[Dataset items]
○ ○ ○ ○

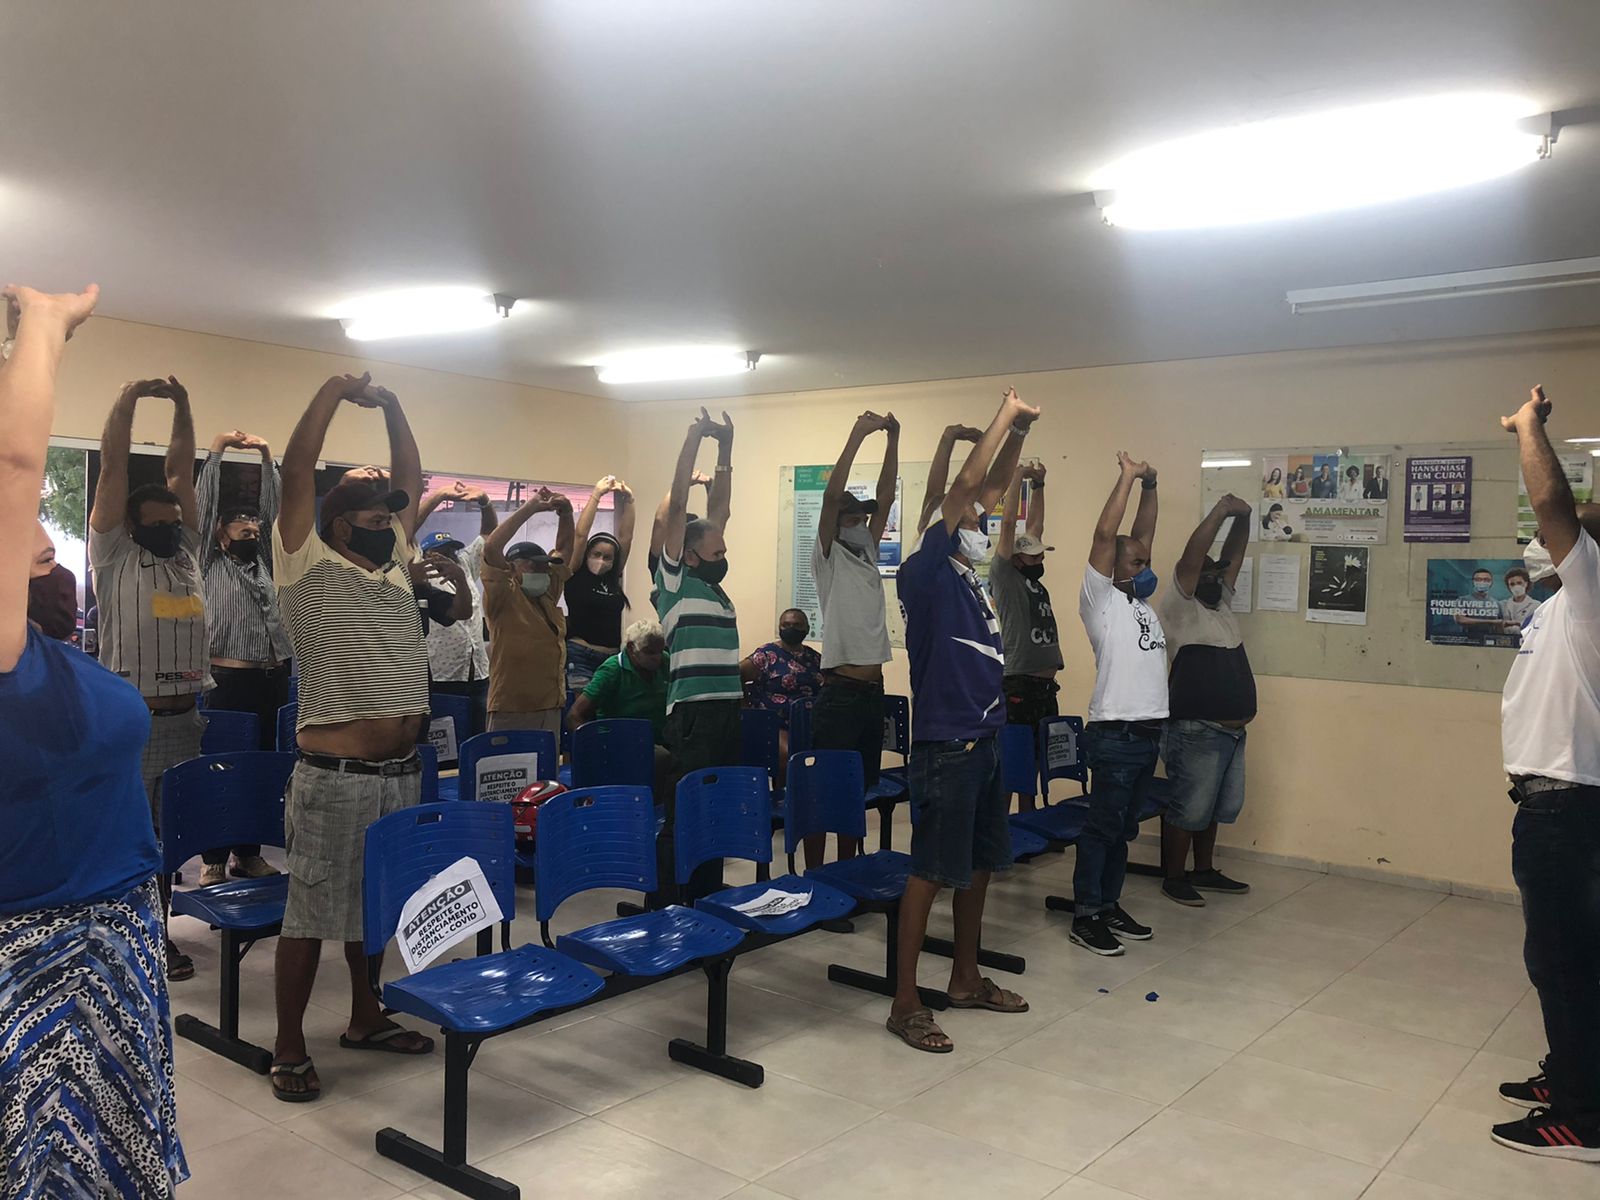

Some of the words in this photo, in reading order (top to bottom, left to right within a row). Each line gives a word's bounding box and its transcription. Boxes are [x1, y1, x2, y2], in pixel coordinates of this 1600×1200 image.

[1411, 472, 1431, 480] TEM
[1434, 471, 1466, 479] CURA!
[1305, 507, 1380, 517] AMAMENTAR
[1430, 599, 1456, 608] FIQUE
[1457, 600, 1484, 608] LIVRE
[1430, 607, 1499, 617] TUBERCULOSE
[482, 770, 523, 782] ATENÇÃO
[487, 782, 511, 790] RESPEITE
[407, 884, 466, 934] ATENÇÃO
[418, 908, 455, 938] RESPEITE
[454, 902, 461, 911] O
[410, 901, 479, 955] DISTANCIAMENTO
[416, 933, 445, 959] SOCIAL
[449, 912, 477, 933] COVID
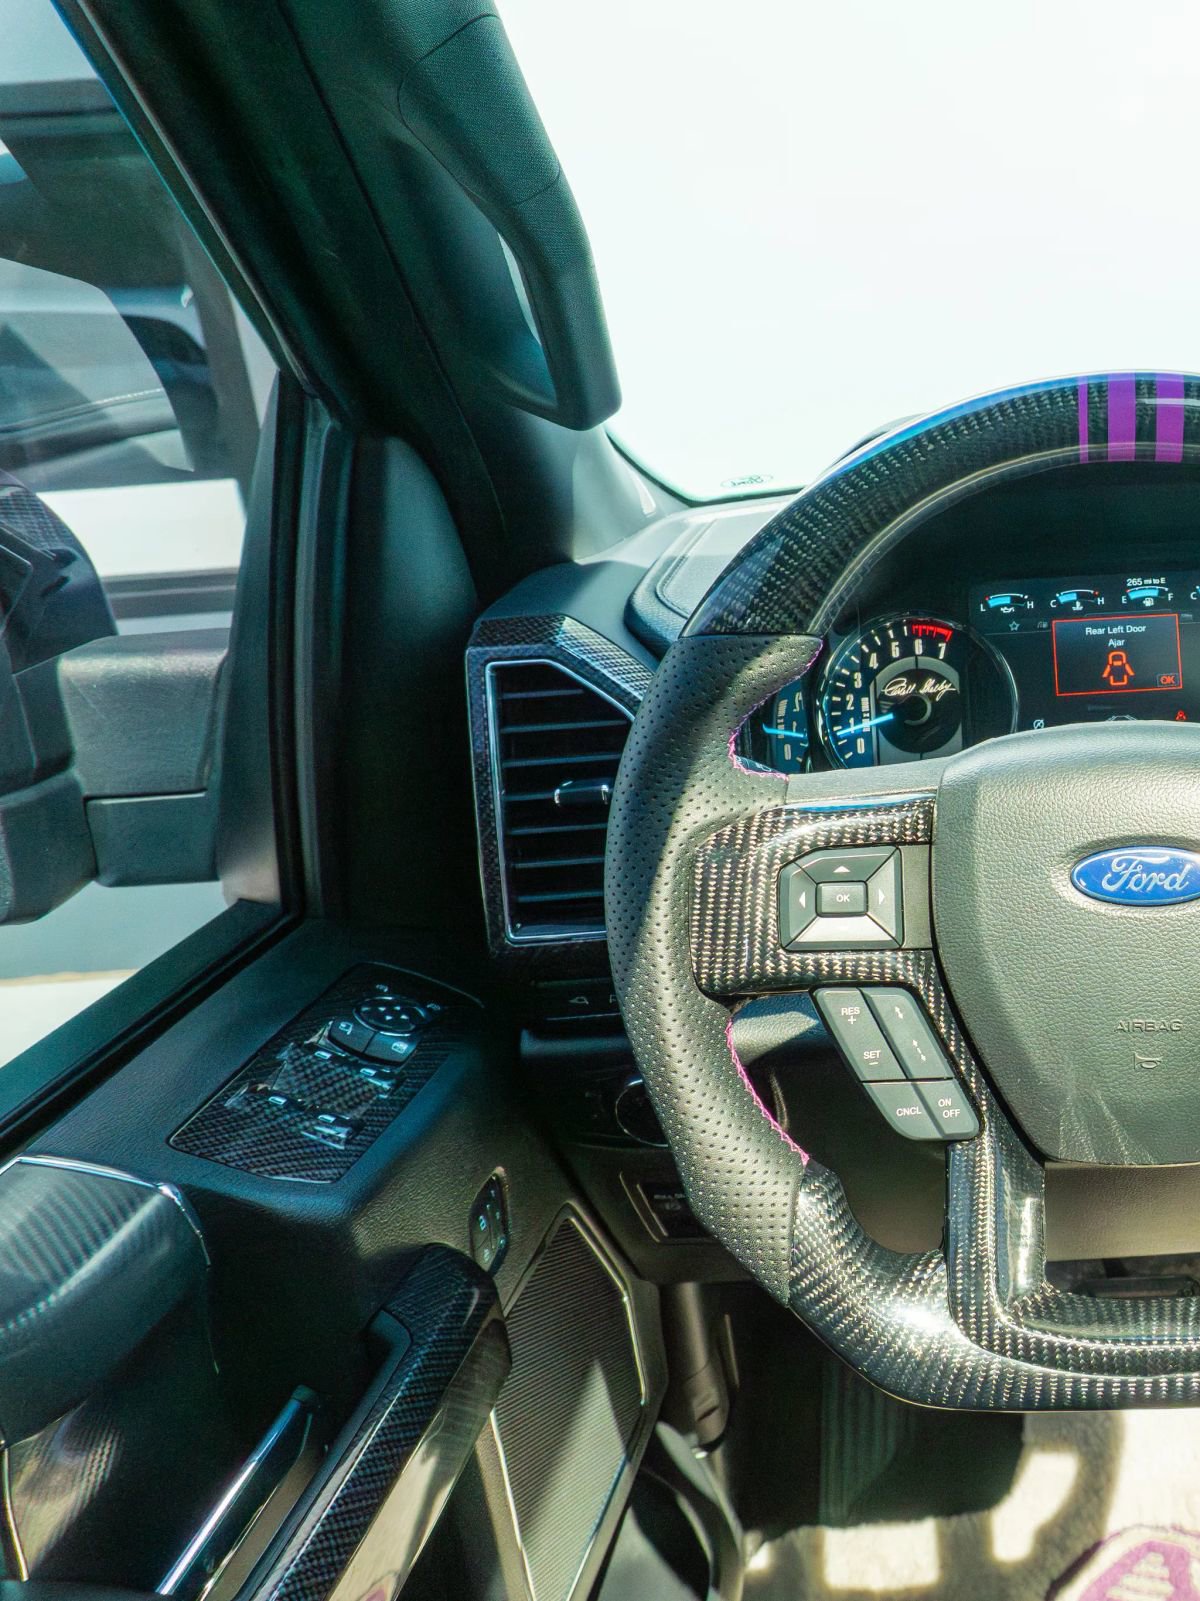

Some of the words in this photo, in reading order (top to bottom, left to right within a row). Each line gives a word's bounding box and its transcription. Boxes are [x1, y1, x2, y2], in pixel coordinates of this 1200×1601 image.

[1126, 578, 1143, 586] 265
[1121, 595, 1127, 604] E
[1167, 593, 1174, 601] F
[1190, 591, 1197, 600] C
[1027, 601, 1034, 609] H
[1050, 600, 1057, 608] C
[1097, 597, 1105, 605] H
[980, 604, 986, 612] L
[1085, 627, 1105, 636] Rear
[1107, 625, 1124, 634] Left
[1126, 624, 1146, 633] Door
[914, 638, 923, 655] 6
[1108, 639, 1125, 648] Ajar
[891, 641, 900, 658] 5
[937, 642, 947, 660] 7
[869, 653, 879, 669] 4
[854, 672, 862, 688] 3
[1160, 675, 1176, 685] OK
[919, 678, 957, 702] Shelby
[846, 694, 854, 710] 2
[849, 717, 855, 734] 1
[857, 737, 865, 754] 0
[1101, 855, 1191, 893] Ford
[836, 893, 850, 903] OK
[841, 1006, 860, 1016] RES
[1114, 1020, 1184, 1033] AIRBAG
[863, 1050, 881, 1060] SET
[938, 1098, 952, 1107] ON
[896, 1106, 922, 1118] CNCL
[942, 1108, 961, 1118] OFF
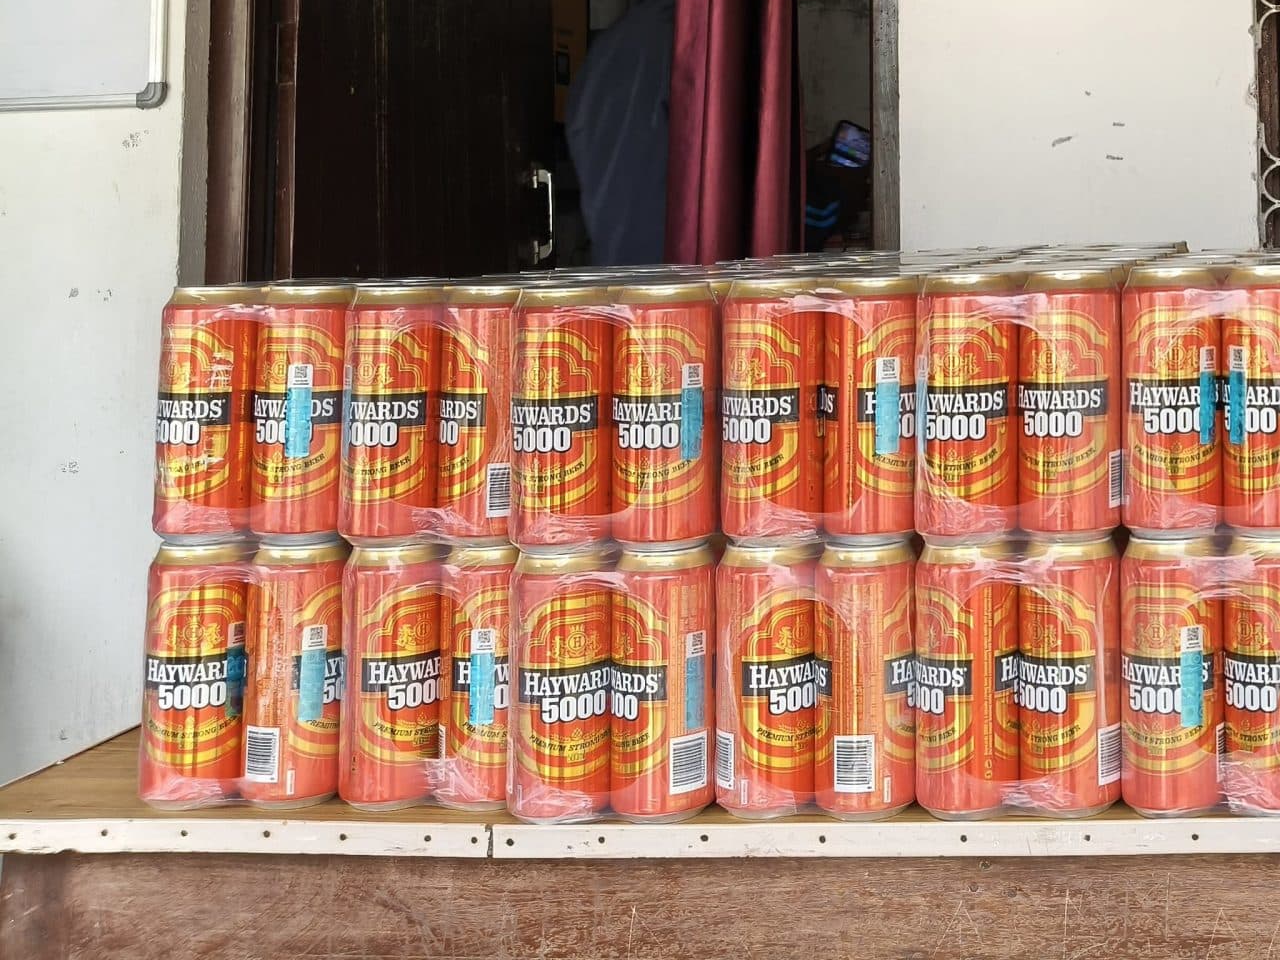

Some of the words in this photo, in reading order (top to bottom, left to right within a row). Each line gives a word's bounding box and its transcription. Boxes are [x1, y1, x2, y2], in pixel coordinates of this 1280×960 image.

[1018, 385, 1101, 410] HAYWARDS
[512, 399, 591, 426] AYWARDS
[1024, 411, 1082, 437] 5000
[350, 422, 398, 446] 000
[514, 427, 571, 452] 5000
[619, 423, 680, 449] 5000
[926, 414, 986, 440] 5000
[524, 666, 610, 696] HAYWARD
[158, 681, 227, 710] 5000
[541, 690, 606, 724] 5000
[1225, 681, 1277, 713] 5000
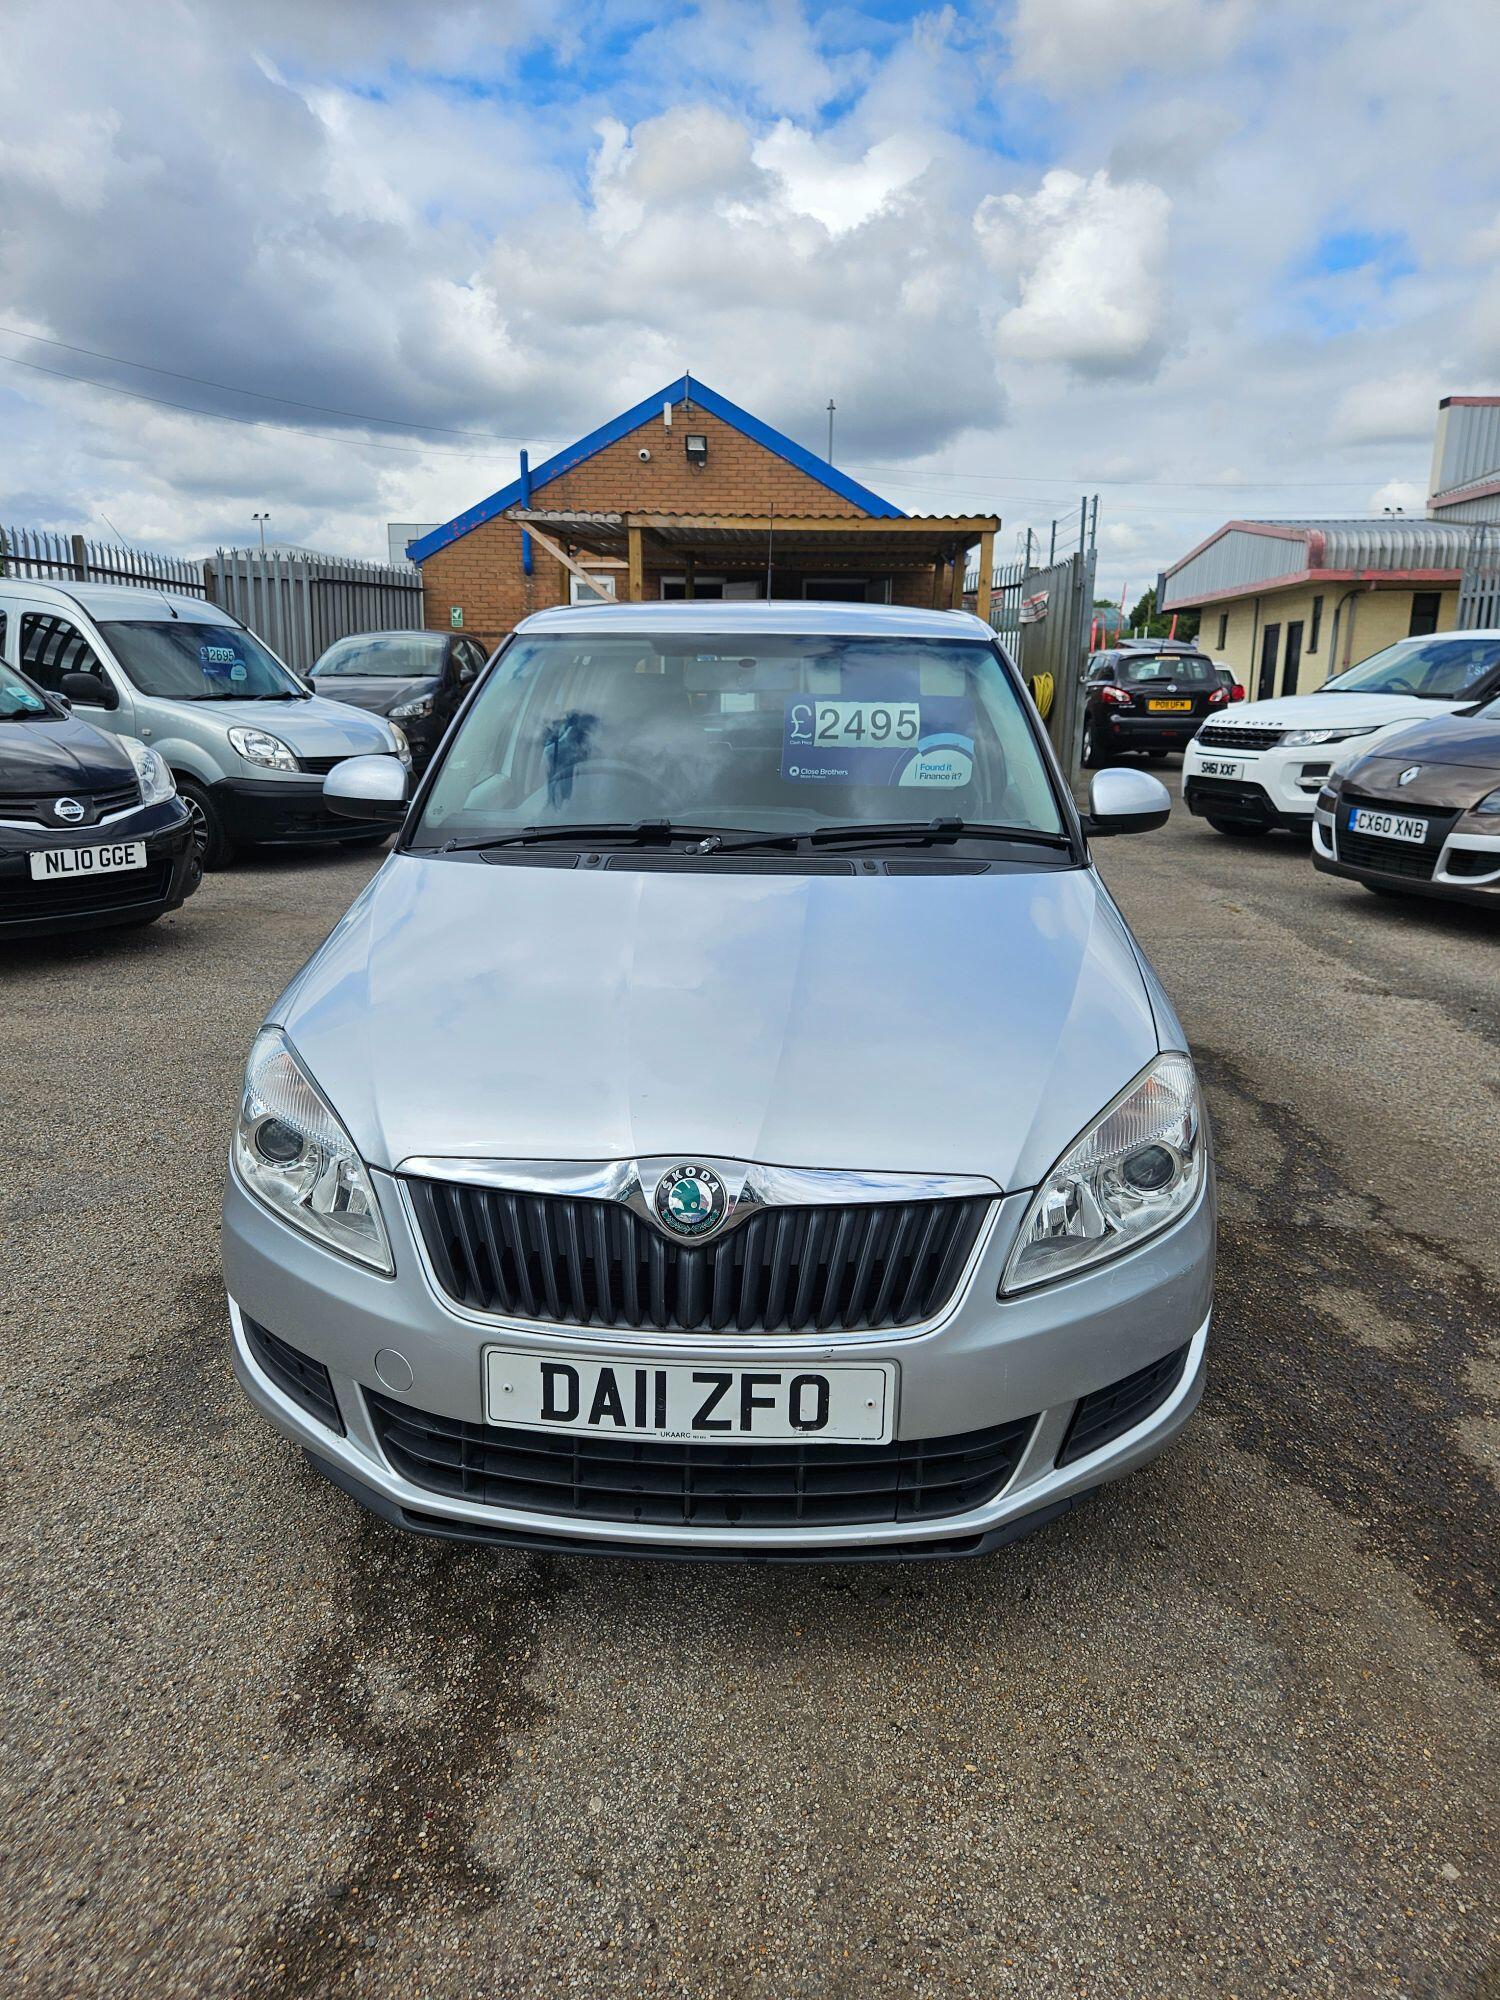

○ ○ ○ ○

# What this task involves:
Give back exactly the lines from the one that contains "this 1200×1601 image." to the final line of the data above, both included, with all pictures removed.

# Written answer:
Some of the words in this photo, in reading order (top to bottom, left to right within a row). Each line gives a word's bounding box and its transcription. Boxes are [x1, y1, x2, y2], in pixel coordinates of this 1200×1601 image.

[1126, 578, 1143, 586] 265
[1121, 595, 1127, 604] E
[1167, 593, 1174, 601] F
[1190, 591, 1197, 600] C
[1027, 601, 1034, 609] H
[1050, 600, 1057, 608] C
[1097, 597, 1105, 605] H
[980, 604, 986, 612] L
[1085, 627, 1105, 636] Rear
[1107, 625, 1124, 634] Left
[1126, 624, 1146, 633] Door
[914, 638, 923, 655] 6
[1108, 639, 1125, 648] Ajar
[891, 641, 900, 658] 5
[937, 642, 947, 660] 7
[869, 653, 879, 669] 4
[854, 672, 862, 688] 3
[1160, 675, 1176, 685] OK
[919, 678, 957, 702] Shelby
[846, 694, 854, 710] 2
[849, 717, 855, 734] 1
[857, 737, 865, 754] 0
[1101, 855, 1191, 893] Ford
[836, 893, 850, 903] OK
[841, 1006, 860, 1016] RES
[1114, 1020, 1184, 1033] AIRBAG
[863, 1050, 881, 1060] SET
[938, 1098, 952, 1107] ON
[896, 1106, 922, 1118] CNCL
[942, 1108, 961, 1118] OFF

Some of the words in this photo, in reading order (top to bottom, left to right within a row). Each line gives a word's bounding box and its transcription. Boxes are [x1, y1, x2, y2], in pixel coordinates of this 1280×960 image.

[1018, 385, 1101, 410] HAYWARDS
[512, 399, 591, 426] AYWARDS
[1024, 411, 1082, 437] 5000
[350, 422, 398, 446] 000
[514, 427, 571, 452] 5000
[619, 423, 680, 449] 5000
[926, 414, 986, 440] 5000
[524, 666, 610, 696] HAYWARD
[158, 681, 227, 710] 5000
[541, 690, 606, 724] 5000
[1225, 681, 1277, 713] 5000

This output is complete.